I recently finished eating a 5 lb. slab of this and I have to say it was the best bacon i've ever 'et. Here's the cure and the process. Of course, it's copyright Michael Ruhlman and you can check out more great cured meat recipes in his wonderful book Charcuterie.
Maple Cured Bacon
One 5 lb. piece of pork belly, rind on
2 ounces kosher salt
1/4 C. pure Maple syrup
2 t. pink salt (a curing salt, not the Hawain stuff)
1/4 C. Maple sugar (pricey, worth it)
Simply mix up all the ingredients for the cure (it will be a sort of yellow slurry) and spread it all over the pork belly, making sure to get under all the nooks and crannies and on the sides as well. Make the coating as evenly as possible on both sides so the whole thing has a nice coating (including the rind). Place in a 2.5 gallon zip lock bag and sort of fold up the sides so that the liquid that exudes from the belly is in constant contact with the meat (will take a bit of folding, the bag will be much larger than the belly).
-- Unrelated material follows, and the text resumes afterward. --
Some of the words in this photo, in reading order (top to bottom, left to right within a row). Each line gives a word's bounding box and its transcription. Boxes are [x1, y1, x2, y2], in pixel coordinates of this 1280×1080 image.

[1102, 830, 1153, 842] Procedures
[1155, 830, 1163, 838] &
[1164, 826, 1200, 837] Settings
Once you've done that, throw it in the fridge (36-40 degrees) for 7 days, flipping it over every other day. On the 7th day, remove the belly from the bag and wash all the cure off. Put it on some sort of drying rack (I use one of the cheapies from walmart used for allowing cookies to cool) and stick it in back in the fridge for 1 day to dry out (form the pellicle).
Next, take the bacon out of the fridge and hot smoke it (about 200 degrees) until your therm reads 147. Take the slab out, place it in another zip lock bag, and immerse in a cool water bath to cool it quickly. Put it in the fridge, and now you've got bacon!!!!
Ruhlman suggests slicing the rind off after smoking. I did it before smoking, because I wanted more smoke flavor for the bacon itself. I guess some people also leave the rind on and just slice as is (I'm going to do this next time...I've discovered I like rind on bacon).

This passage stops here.